4 Replies Latest reply on Jan 10, 2008 9:23 PM by dipas

    Correct use of DAO with seam managed-persistence-context

    dipas

      In your excellent book Java Persistence with Hibernate starting from page 727 (i have studied the entire book) you wrote about how to write DAO's with EJBs. There you suggest to define the DAOs as SLSB with @TransactionAttribute(REQUIRED). In the GenericEJB3DAO the EntityManager is injected with @PersistenceContext from the container and in the SFSB the EntityManager is also injected with @PersistenceContext, additionaly you defined an Extended PersistenceContext with FlushMode.MANUAL. The DAO's are injected by @EJB into the SFSB.


      Im my understanding, from now on, all methods in the SFSB are Transactional and the EntityManager will never write to the Database without explicit call to em.flush().


      In the Seam Reference and the wiki example I found an other solution witch works with Seam manged-persistence-context defined in context.xml.


      I tried this setup - it looks as follows:


      Transaction Management in persistence.xml


      <provider>org.hibernate.ejb.HibernatePersistence</provider>
      <jta-data-source>java:/obasDevDatasource</jta-data-source>
      
      ...
      <properties>
      <property name="jboss.entity.manager.factory.jndi.name" value="java:/obasEntityManagerFactory"/>
      <property name="hibernate.transaction.manager_lookup_class" value="org.hibernate.transaction.JBossTransactionManagerLookup" />
      </properties>
      



      components.xml


      <persistence:managed-persistence-context
                  name="entityManager"
                  auto-create="true"
                  persistence-unit-jndi-name="java:/obasEntityManagerFactory"/>
      



      in the GenericDAO the EM is injected with @IN


      public abstract class GenericDAOImpl<T, ID extends Serializable> implements GenericDAO<T, ID> {
      
          private Class<T> persistentClass;
      
          @In
          private EntityManager entityManager;
      



      the concrete implementation looks like this (no explicit scope defined!)


      @Name("serviceCompDAO")
      @AutoCreate
      @Transactional
      public class ServiceCompDAOImpl extends GenericDAOImpl<ServiceComp, Long> implements ServiceCompDAO, Serializable {
      }
      



      and this is the SFSB


      @Stateful
      @Name("serviceCompAdmin")
      @Scope(org.jboss.seam.ScopeType.CONVERSATION)
      public class ServiceCompAdminAction implements ServiceCompAdmin, Serializable {
          @In
          private ServiceCompDAO serviceCompDAO;
      ...
          // all methods with DAO access are defined as Transactional
          @Restrict("#{s:hasPermission('serviceCompAdmin','edit', serviceCompAdmin.serviceComp)}")
          @Transactional
          public void storeData() {
      ...
              serviceComp = serviceCompDAO.store(serviceComp);
              serviceCompDAO.flush();
      ...
      }
      }
      



      If I now add/remove associations to/from the Master Object I need to define...

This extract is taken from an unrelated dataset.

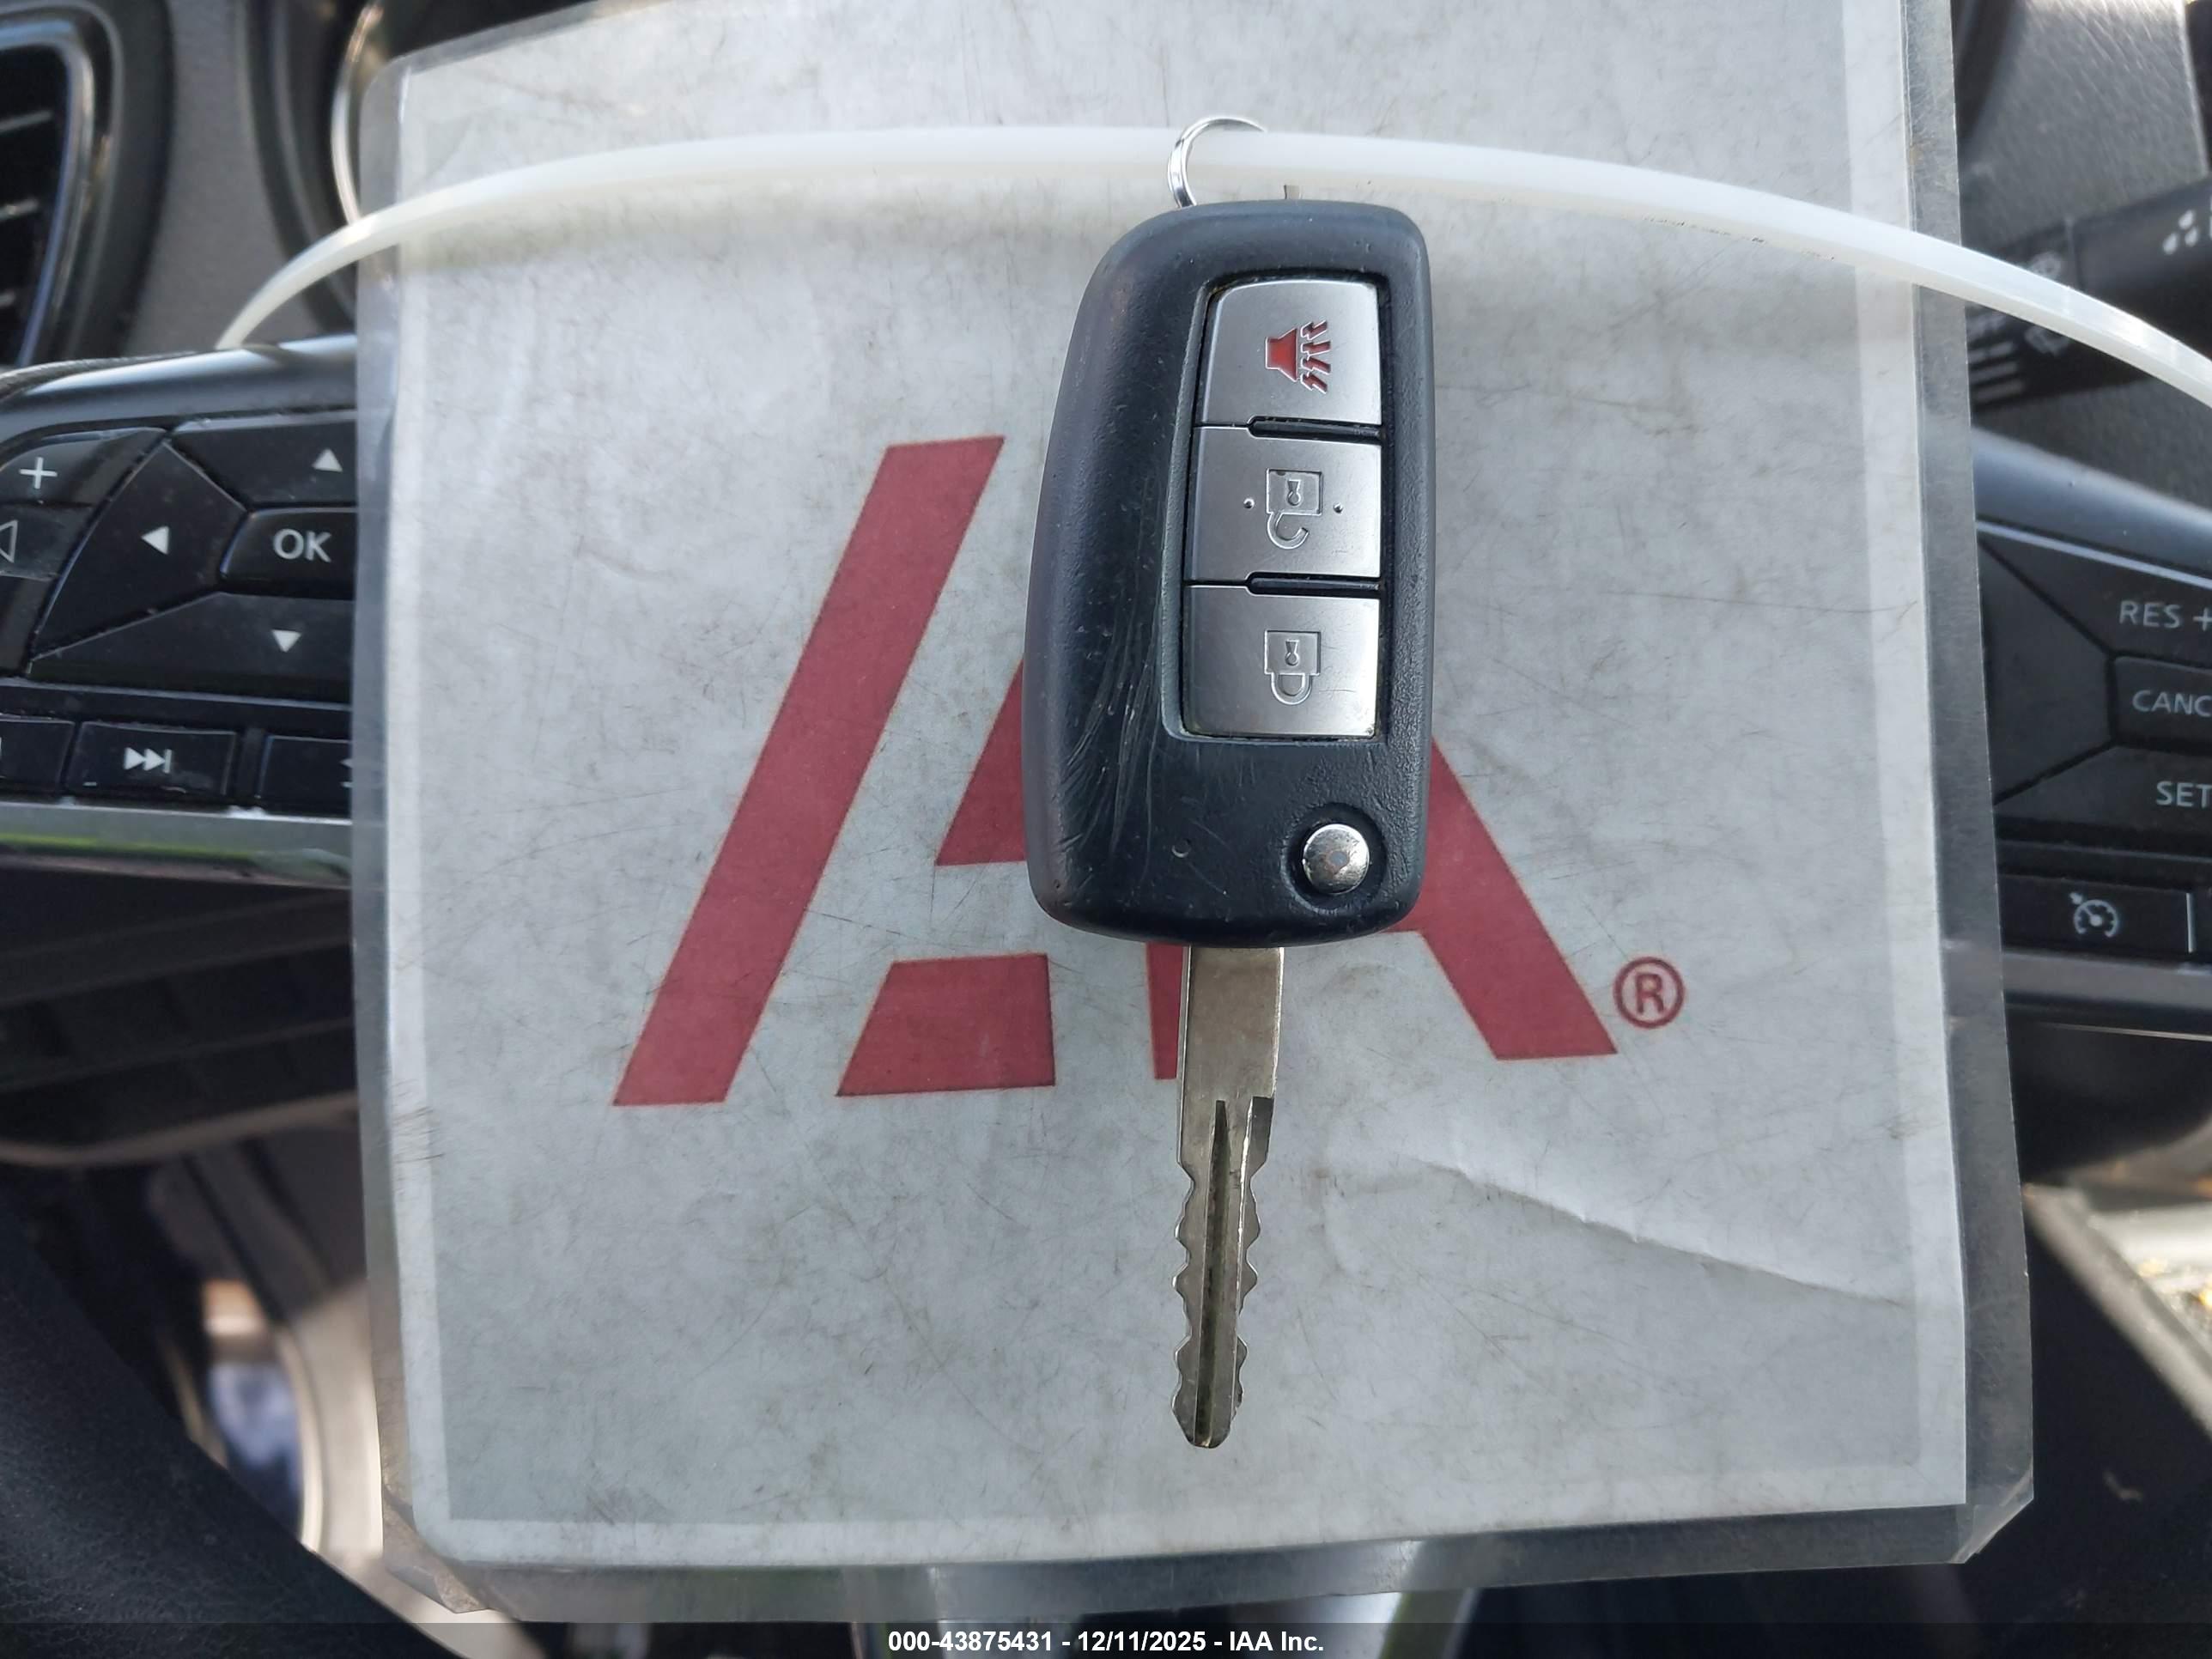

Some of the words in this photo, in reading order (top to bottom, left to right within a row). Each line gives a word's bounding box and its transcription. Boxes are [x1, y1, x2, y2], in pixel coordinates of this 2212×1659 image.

[272, 528, 332, 563] OK
[2118, 599, 2182, 629] RES
[2156, 781, 2212, 808] SET

      @Begin(join = true, flushMode = FlushModeType.MANUAL)


      Otherwise the EM is flushing to the Database - even without calling the DAO but only by adding objects to the collection of the Master Object - at the end of the method. It seems not possible to define the flushMode once for the entire conversation. I tried do define the FlushMode in pages.xml with 
      <begin-conversation flush-mode="MANUAL" />

      but the flushMode was not propagated to all the methods of the SFSB or to the DAO.


      The pageflow - witch is involved in this conversation - is started by this link


      <s:link view="/view/core/security/serviceCompList.xhtml" pageflow="serviceCompAdmin" propagation="begin">
      



      Now my questions are:


      Is my implementation correct and I need to define the flushMode on each collection-managment-method - or would it be better to change to some other setup?


      How can I define the flushMode for the entire conversation?


      What is the best Scope for the DAOs?